What is needed is a word-for-word copy of the listing below, without pictures.

DATA TO EXAMINE Start Marker

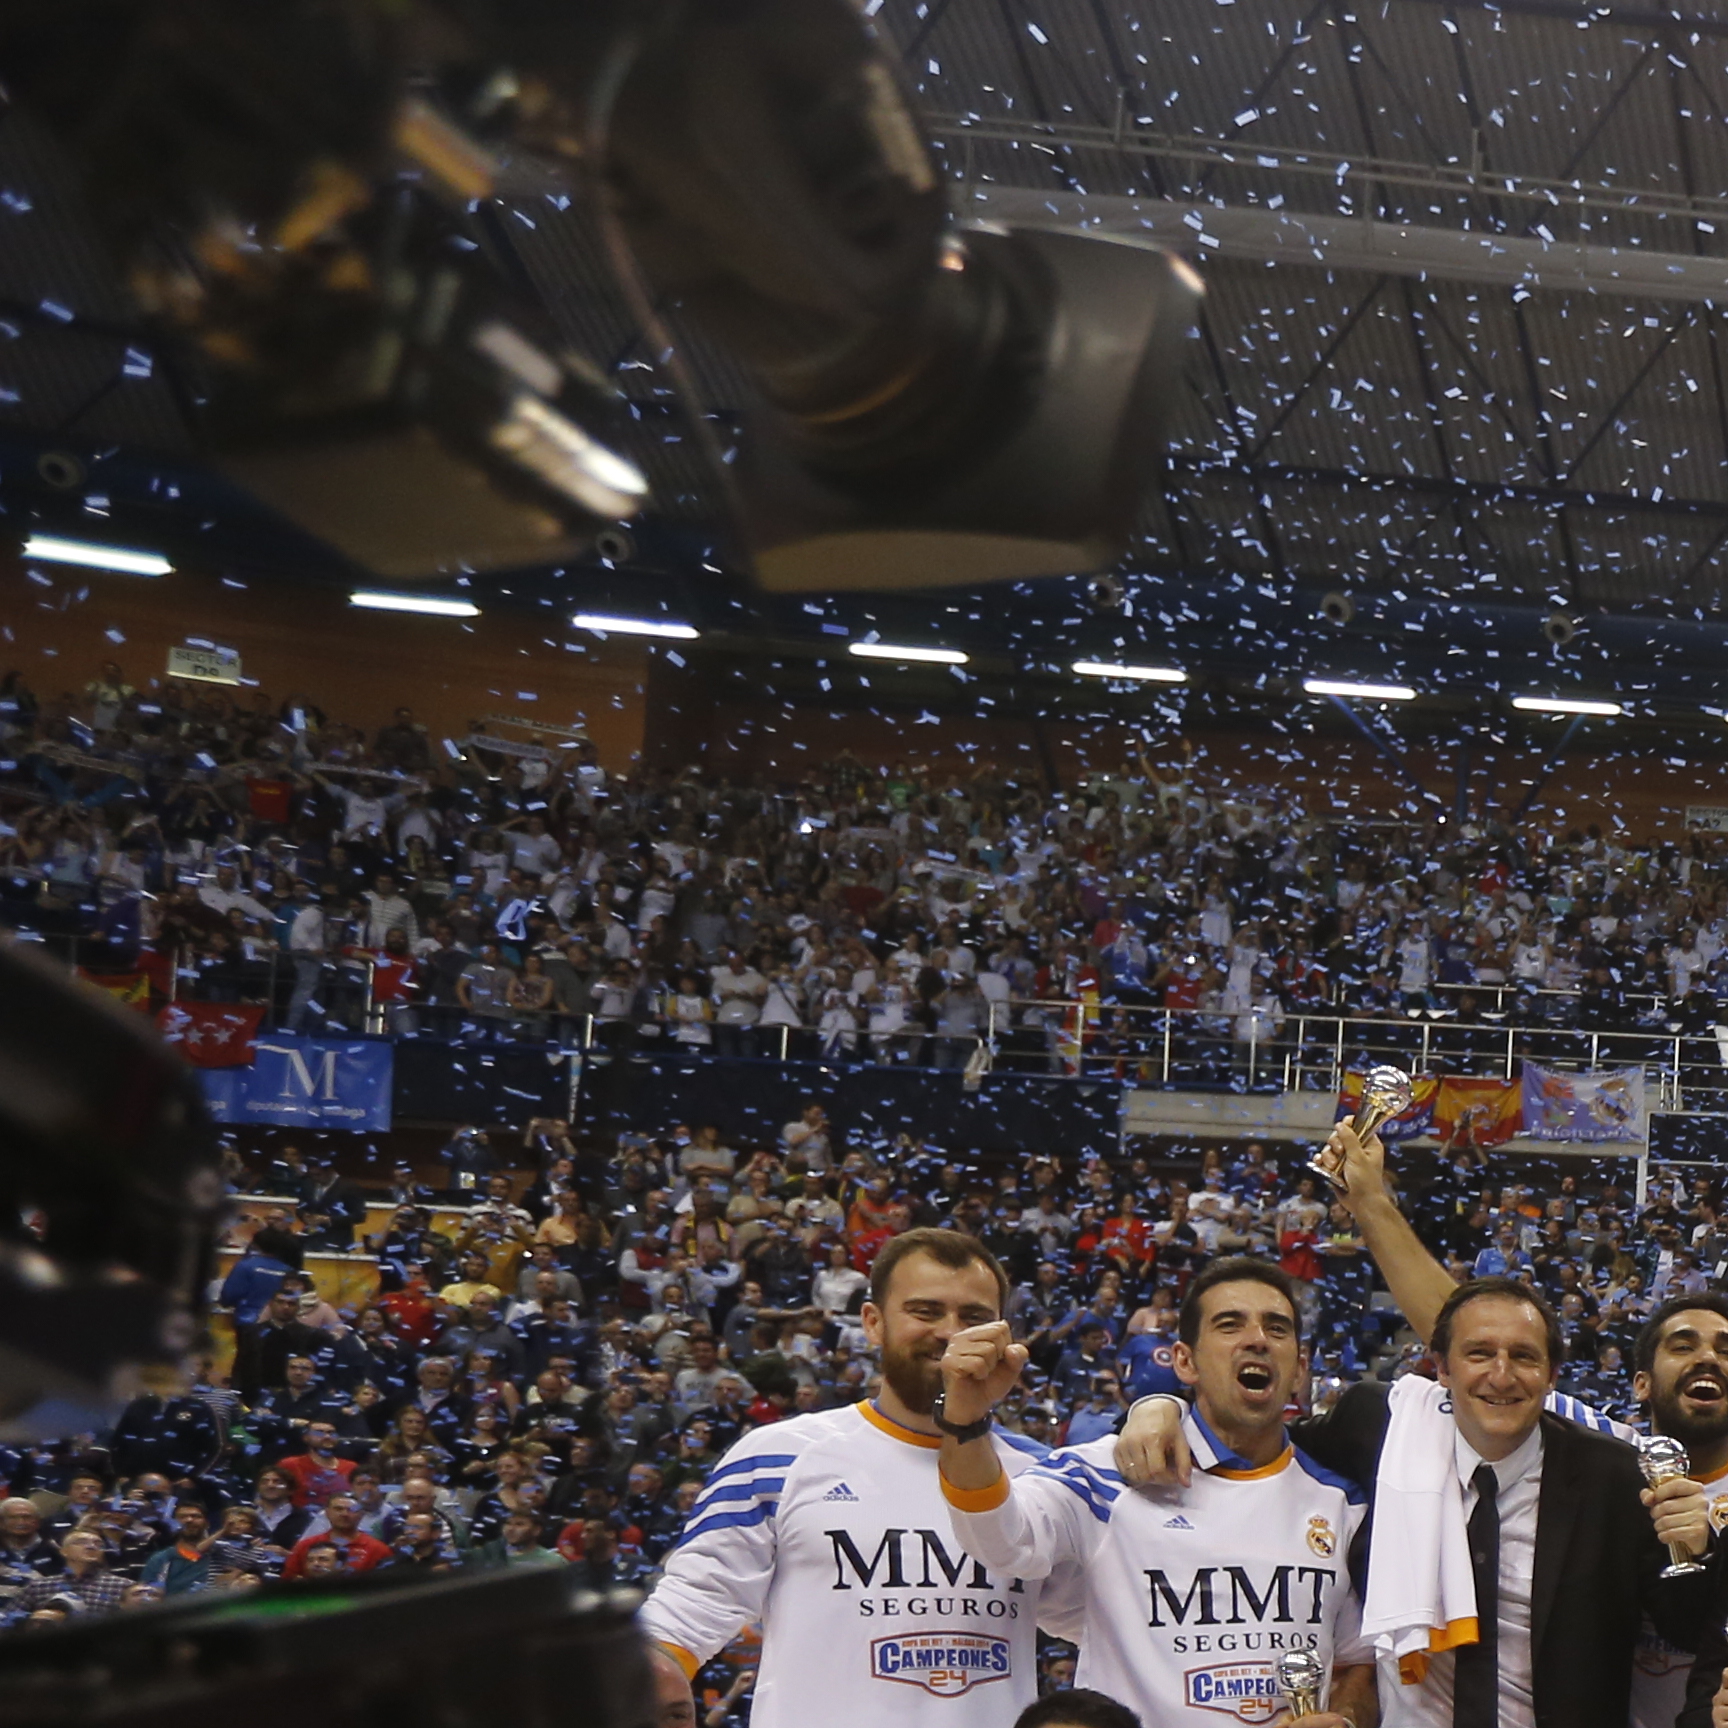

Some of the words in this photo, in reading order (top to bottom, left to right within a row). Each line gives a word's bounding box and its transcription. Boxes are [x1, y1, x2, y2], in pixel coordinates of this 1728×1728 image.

[823, 1494, 860, 1502] adidas
[1144, 1565, 1336, 1627] MMT
[860, 1598, 1018, 1618] SEGUROS
[1174, 1632, 1319, 1653] SEGUROS
[879, 1642, 1008, 1673] CAMPEONES
[929, 1670, 967, 1686] 24
[1193, 1673, 1281, 1703] CAMPEO
[1239, 1699, 1273, 1714] 24

DATA TO EXAMINE End Marker

RESPONSE AREA:
Some of the words in this photo, in reading order (top to bottom, left to right within a row). Each line gives a word's bounding box and its transcription. Boxes are [x1, y1, x2, y2], in pixel coordinates of this 1728×1728 image.

[823, 1494, 860, 1502] adidas
[1144, 1565, 1336, 1627] MMT
[860, 1598, 1018, 1618] SEGUROS
[1174, 1632, 1319, 1653] SEGUROS
[879, 1642, 1008, 1673] CAMPEONES
[929, 1670, 967, 1686] 24
[1193, 1673, 1281, 1703] CAMPEO
[1239, 1699, 1273, 1714] 24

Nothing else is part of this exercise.